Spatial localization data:

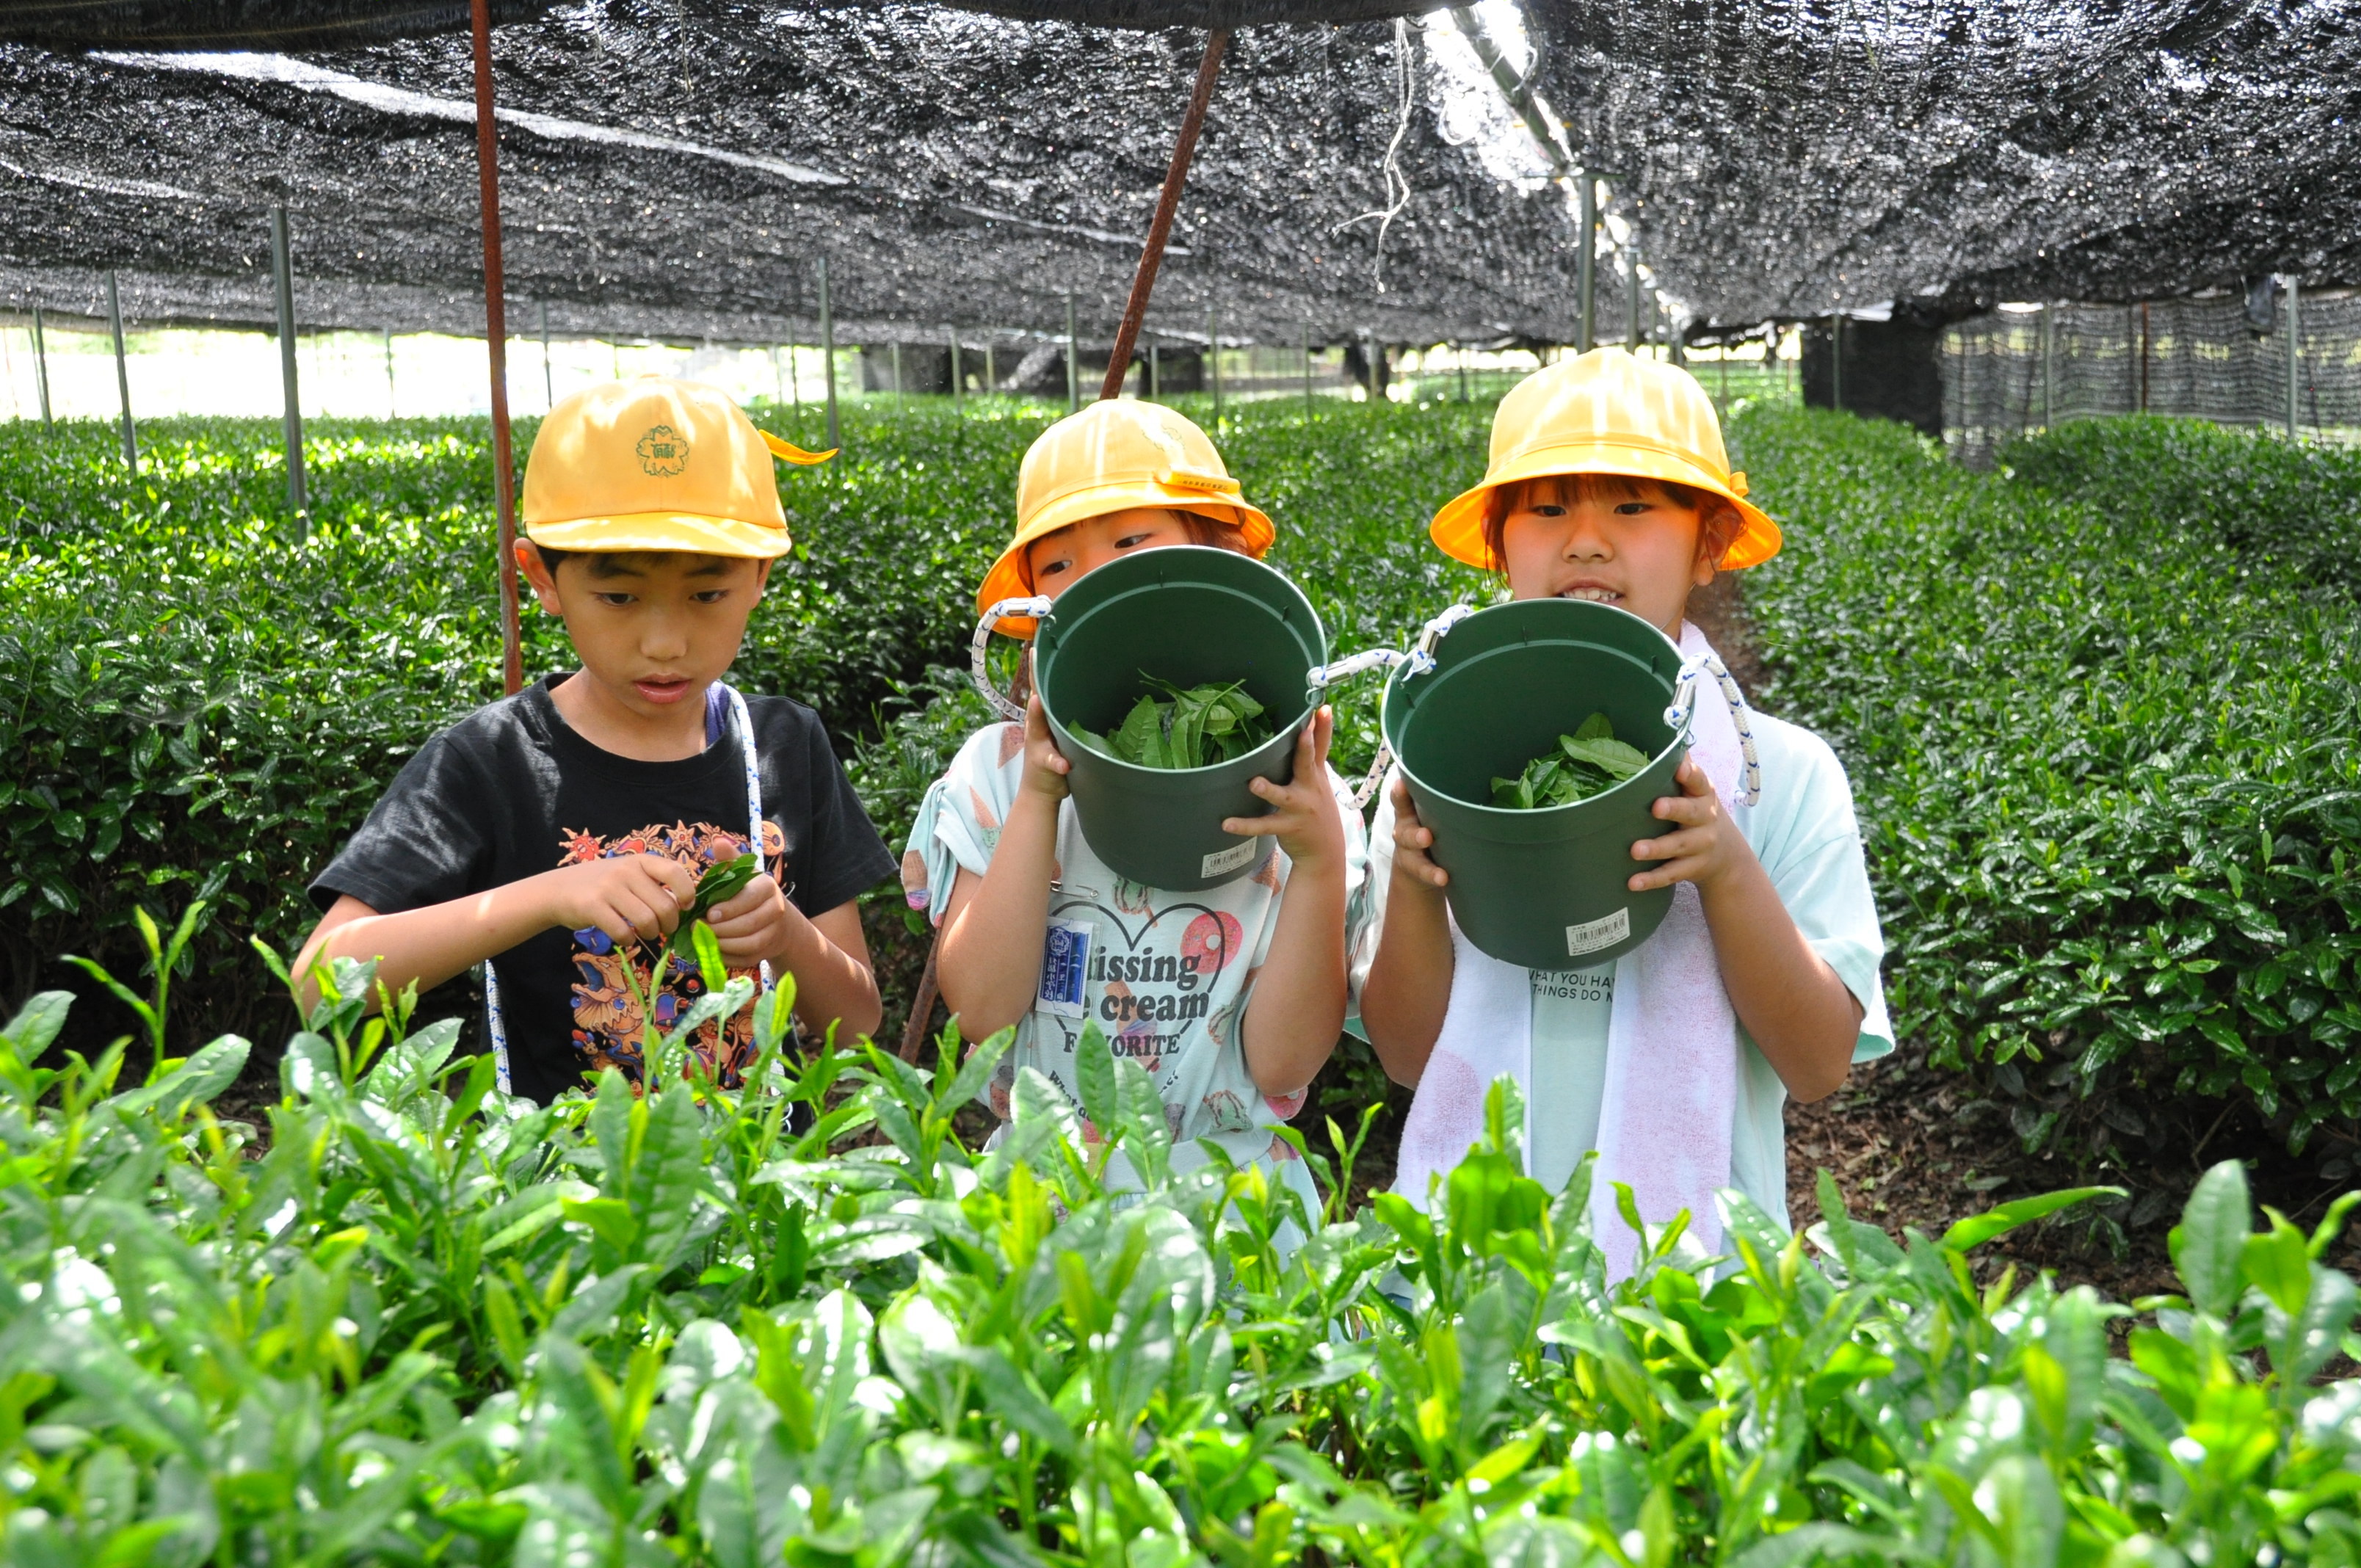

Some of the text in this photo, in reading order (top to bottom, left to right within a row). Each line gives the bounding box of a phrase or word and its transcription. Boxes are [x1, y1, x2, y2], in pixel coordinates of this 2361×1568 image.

[1087, 946, 1202, 991] issing
[1561, 973, 1586, 986] YOU
[1533, 984, 1577, 999] THINGS
[1581, 989, 1600, 1001] DO
[1100, 992, 1210, 1022] cream
[1064, 1031, 1180, 1057] FORITE

Exercise goal: None of the pictures should be copied, but every record above must be returned exactly.

Task solution:
Some of the text in this photo, in reading order (top to bottom, left to right within a row). Each line gives the bounding box of a phrase or word and its transcription. Boxes are [x1, y1, x2, y2], in pixel coordinates of this 2361×1568 image.

[1087, 946, 1202, 991] issing
[1561, 973, 1586, 986] YOU
[1533, 984, 1577, 999] THINGS
[1581, 989, 1600, 1001] DO
[1100, 992, 1210, 1022] cream
[1064, 1031, 1180, 1057] FORITE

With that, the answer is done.